Although we can't make a perfect and direct comparison between the comics market and the movie rental market, we can take compare the two on a surface level. We can get a closer look at the digital versus physical argument by looking at a company like Blockbuster Video which, according to a report by Fast Company, in 1994 was valued at $8.4 billion and was the largest movie rental chain in the country. Since then, however, the company has experienced a steady decline with stores closing all throughout the country, going so far as to file for Chapter 11 back in 2010, dropping in value exponentially from $8.4 billion in 1994, to a mere $24 million in 2010. Much of Blockbuster's losses can be attributed to the launch and rise of streaming company Netflix, forcing Blockbuster to also look for a "digital strategy." However, local comic shops aren't Blockbuster Video stores and aside from comics, they give us plenty of things a Blockbuster can't. Many comic shops aren't part of a huge company, they are local "mom and pop" stores that are owned and operated by members of the community. So while a company like Blockbuster has experienced a steady decline, some local, family video rentals continue to thrive across the country perhaps due to the fact that they continue to deliver a more personal experience, much like the experience many of us get when we visit and buy from local comic stores. Take, for example, First Run Video in Battleboro, Vermont which has continued to thrive in spite of the move by many to digital and streaming. According to First Run Video's general manager, his shop provides elements you just can't get from Netflix streaming:
We find a lot of people have become disenfranchised with Netflix... streaming isn't what it used to be…We're here to satisfy the customer the best we can, whereas with the Redbox, you can't go to the machine and say ‘this disc doesn't work.' You're not going to get an answer. The machine's not going to talk back to you…While the Internet and streaming can hurt us, it can also help us by opening the doors to a larger audience of consumers to purchase our product.
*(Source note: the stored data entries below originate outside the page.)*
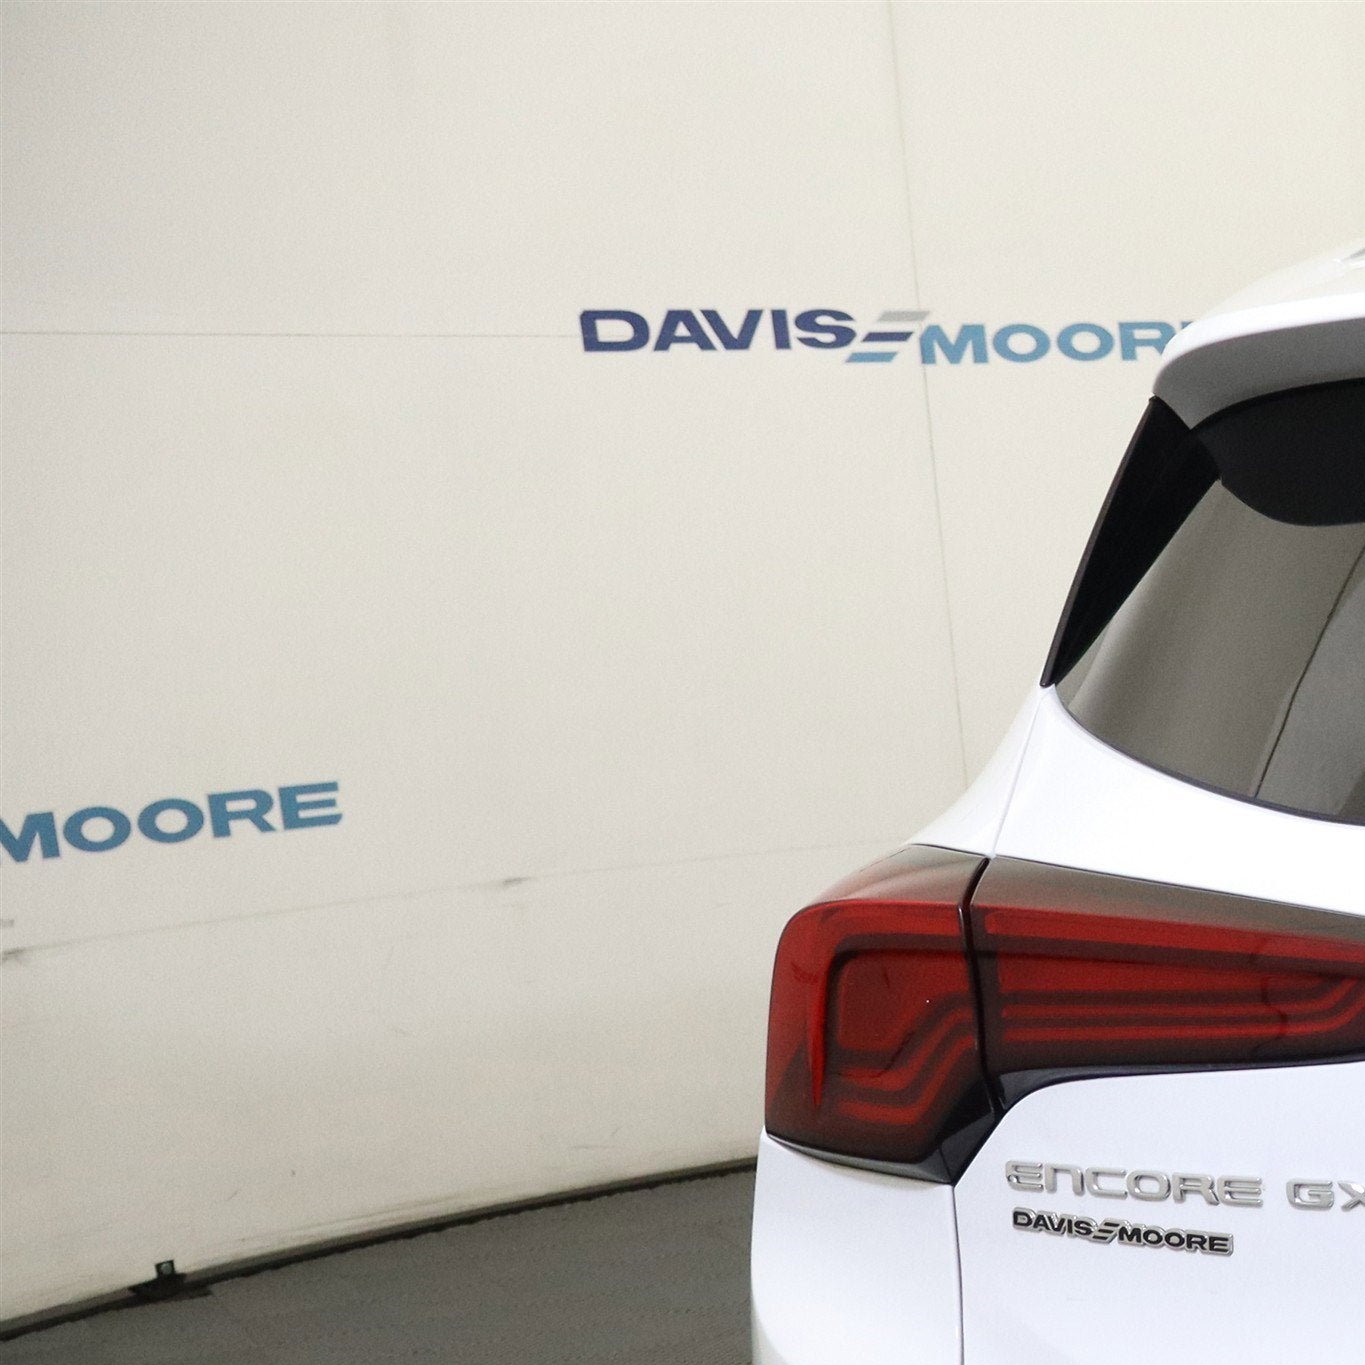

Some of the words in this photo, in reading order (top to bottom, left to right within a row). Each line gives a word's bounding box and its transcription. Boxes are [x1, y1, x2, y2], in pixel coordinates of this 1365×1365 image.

[579, 309, 858, 353] DAVIS
[919, 320, 1195, 364] MOOR
[1005, 1160, 1264, 1207] ENCORE
[1012, 1208, 1095, 1237] DAVIS
[1118, 1224, 1233, 1255] MOORE
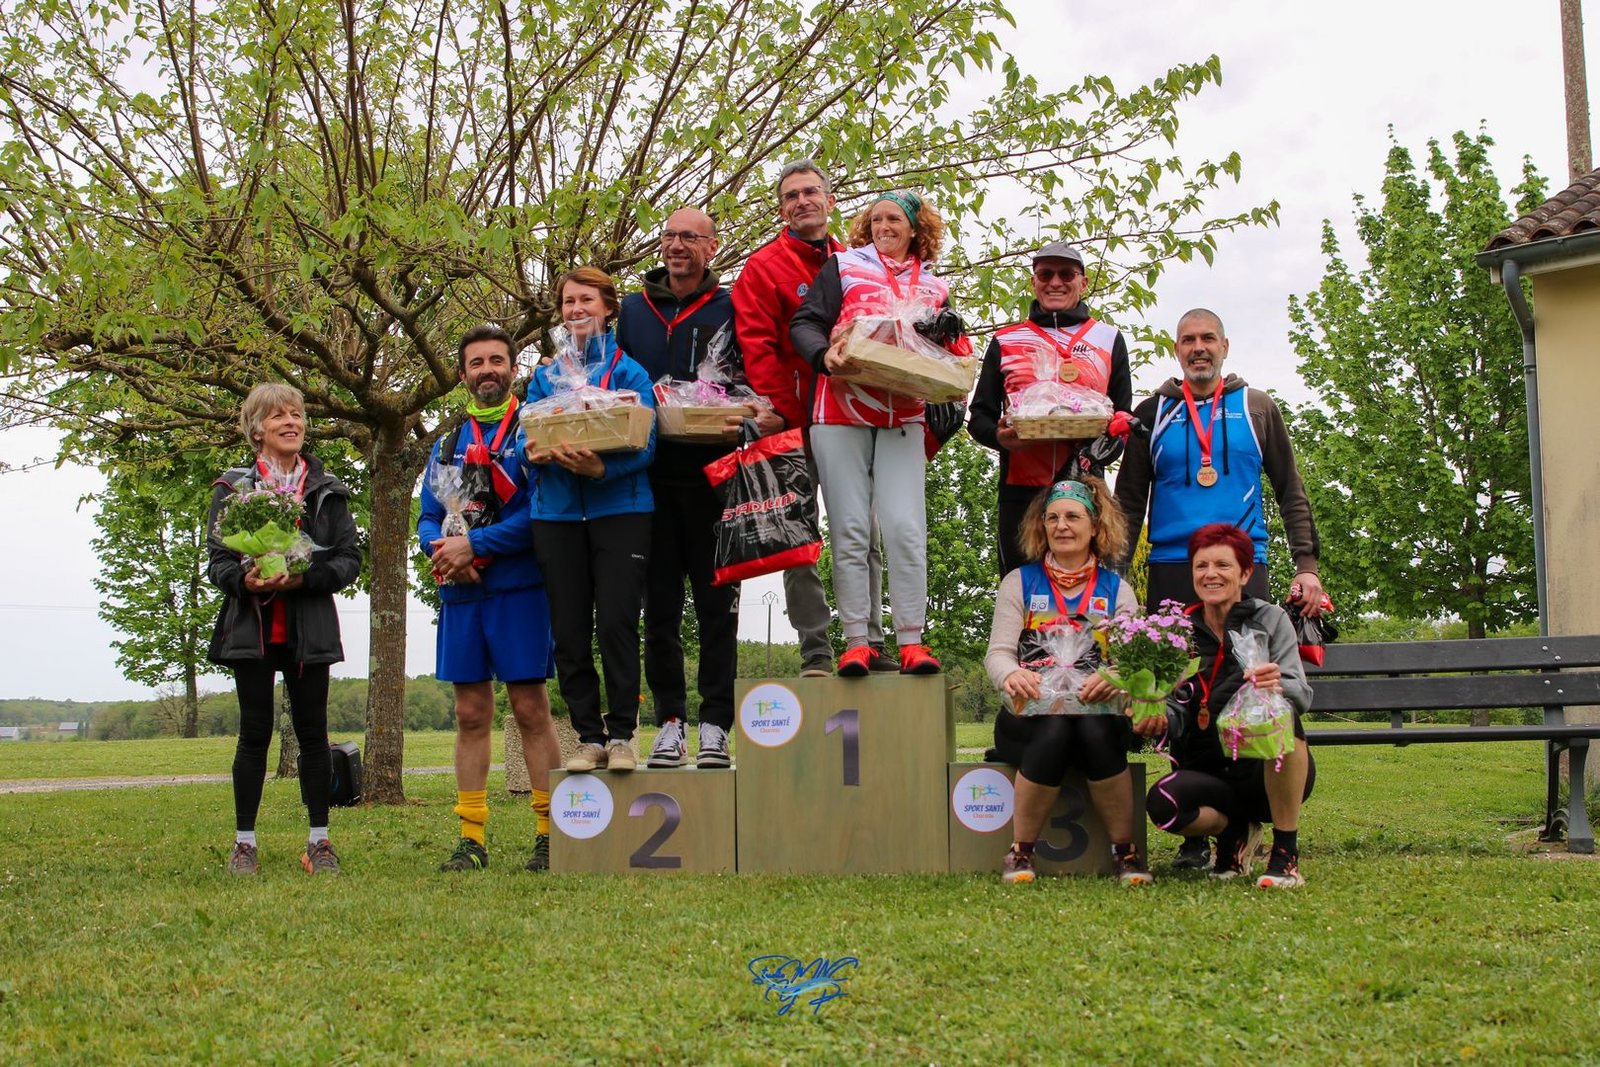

The same can be said for the comics market. One of the interesting points in the interview with SVP of Marketing John Cunningham was that the sale of digital first comics like Smallville Season 11 did relatively well in both digitally and in print, ranking in both lists, and in that sense, the digital books may have aided the sale of the print volume.
So what does the future of the comics market look like? Will competition between digital and print markets grow exponentially and how long will that take? There is no real way to determine how the market will change and no way to guess how consumers will want to buy products. And while buying digital may seem more convenient for some, it takes away from the collectibility and the experience of holding a comic in your hand and being able to physically turn the pages. What do you think the market will look like in the future? How do you purchase your comics?